İlk olarak seçimlerin hilesiz, şaibe olmadan yapılmasını beklediklerini öne çıkaran Antalya Tabip Odası Genel Sekreteri Dr. Yavuz İpekli diğer talepleriniyse şöyle dile getiriyor;
“Bilgisayar oyunlarıyla 1-2 saate sonlanan, oyların çöplerden toplandığı, seçmenin iradesinin sandığa yansımadığı, sandık başlarında hilelerin. Yaşanmadığı bir seçim dilerken burada başta seçim kurulları, sandık kurulları ve siyasi partileri etiğe ve hile ve entrikalara karşı uyanık olmaya davet ediyoruz. Ülkemizin içinde bulunduğu durumda her ne kadar değiştiremesek de uyarılarımızı, kaygılarımızı ve neler yapılması gerektiğini üyelerimiz ve halkımızla paylaşırken; kurumların yok edildiğini, 'ileri demokrasi' söylemi ağızlarda sakız gibi çiğnenirken antidemokratik tüm uygulamaların ışık hızıyla devam ettiğini içimiz burkularak, üzülerek görmekte ve yaşamaktayız.

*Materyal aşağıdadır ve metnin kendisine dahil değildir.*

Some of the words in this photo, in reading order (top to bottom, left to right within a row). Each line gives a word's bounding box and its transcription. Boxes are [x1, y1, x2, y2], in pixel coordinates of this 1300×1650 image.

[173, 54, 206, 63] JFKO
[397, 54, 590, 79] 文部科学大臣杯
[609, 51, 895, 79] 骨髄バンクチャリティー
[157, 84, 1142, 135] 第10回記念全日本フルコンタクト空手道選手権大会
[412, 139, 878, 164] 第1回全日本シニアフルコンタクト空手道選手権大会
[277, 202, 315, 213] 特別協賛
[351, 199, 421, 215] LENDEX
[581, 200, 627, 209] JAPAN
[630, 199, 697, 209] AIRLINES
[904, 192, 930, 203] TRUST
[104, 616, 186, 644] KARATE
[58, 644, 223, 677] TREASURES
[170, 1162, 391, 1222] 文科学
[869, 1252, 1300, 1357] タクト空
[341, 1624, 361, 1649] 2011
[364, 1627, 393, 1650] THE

Genel seçimlerden beklentimiz A, B veya C partisi değil, asıl beklentimiz iktidara gelecek partinin gerçek anlamda ülkemiz için bir sağlık politikası gütmesidir. Yani bir programı olmalı ve bu program da sağlık alanının gerçek temsilcileri hekimler, diğer sağlık çalışanları, Tabip Odaları, Türk Tabipleri Birliği, Türk Diş Hekimleri Birliği, Türk Eczacıları Birliği ile konsensüs ve işbirliği içinde oluşturulmalıdır. Ülkemizdeki bugün yürütülen, yürütülürken de dayatılan Sağlıkta Dönüşüm Programı'nı benimsemiyoruz. Sağlıkta özelleştirme ve performansa dayalı sistem, ne halkın ne de sağlık çalışanın faydasına değildir. Sağlıkta, işçi sağlığında taşeronlaşmanın sadece kartellere, özel şirketlere rant, çıkar sağlayacağını, sağlık göstergelerinin daha da geriye gideceğini, halkın cebinden daha fazla çıkacak parayla daha kötü bir hizmete maruz kalmasını getireceğini, etik olmayan uygulamalara neden olacağını yaşayarak göreceğimizi ve bunu bize reva görenleri asla affetmeyeceğimizi belirtmekte yarar görüyoruz.”